- **Study material**
▬▬▬

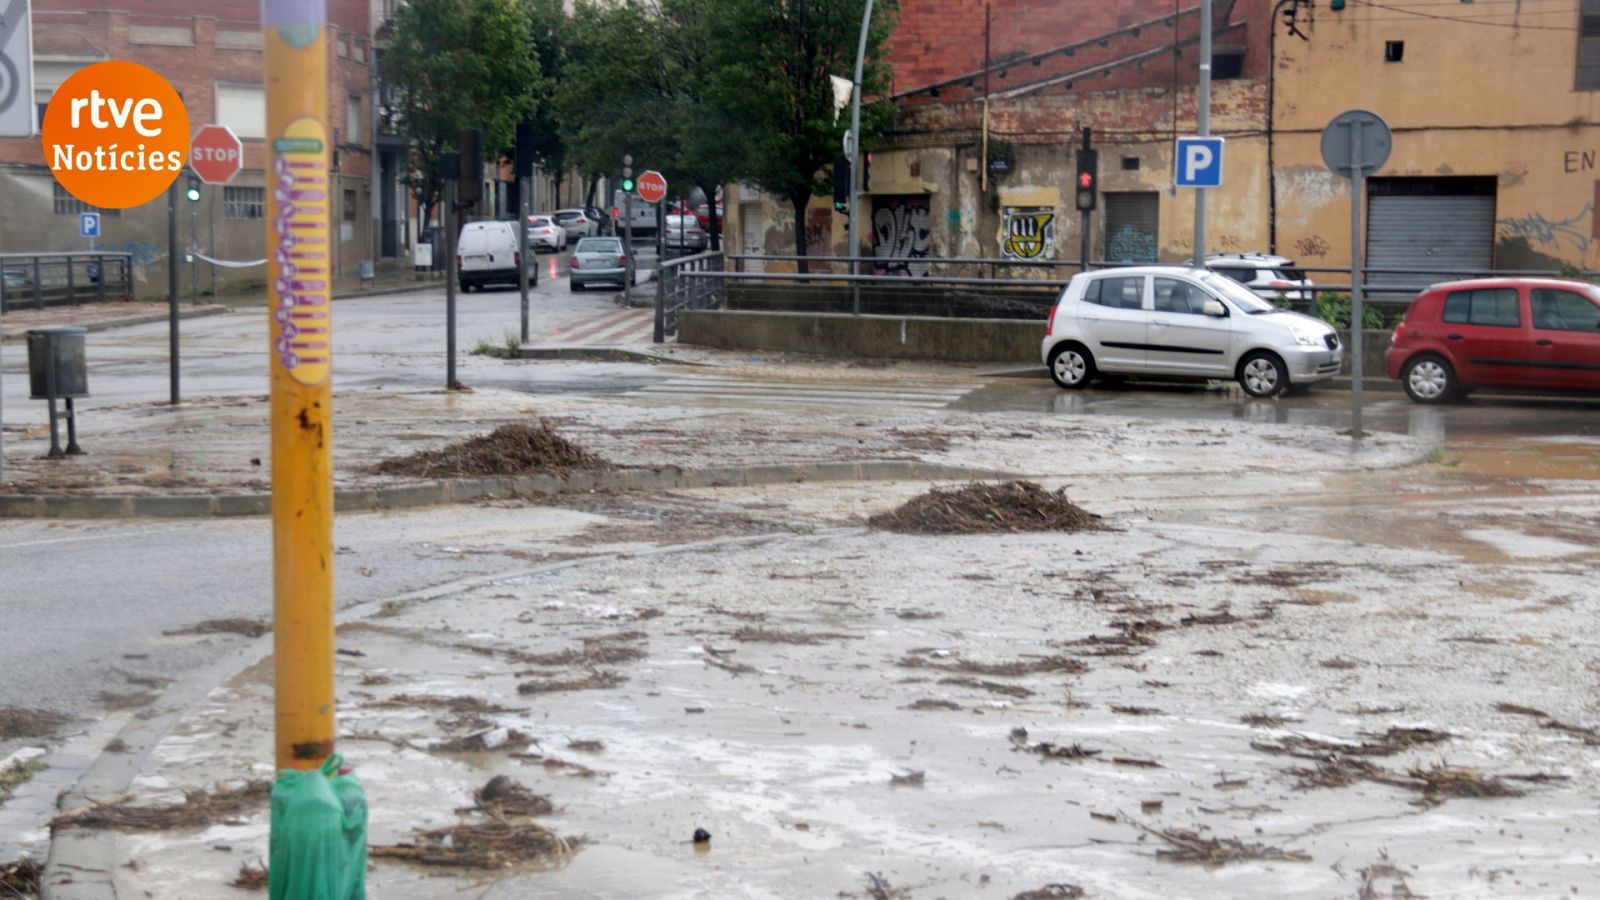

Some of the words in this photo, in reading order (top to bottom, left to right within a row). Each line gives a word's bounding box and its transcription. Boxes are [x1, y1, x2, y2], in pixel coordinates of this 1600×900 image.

[193, 147, 237, 162] STOP
[1185, 145, 1213, 181] P
[1564, 150, 1596, 173] EN
[639, 182, 664, 192] STOP
[84, 216, 96, 234] P

▬▬▬

- **Exercise prompt**
Nothing but the pictures should be left out when the material above is copied.

- **Answer to this exercise**
Some of the words in this photo, in reading order (top to bottom, left to right within a row). Each line gives a word's bounding box and its transcription. Boxes are [x1, y1, x2, y2], in pixel coordinates of this 1600×900 image.

[193, 147, 237, 162] STOP
[1185, 145, 1213, 181] P
[1564, 150, 1596, 173] EN
[639, 182, 664, 192] STOP
[84, 216, 96, 234] P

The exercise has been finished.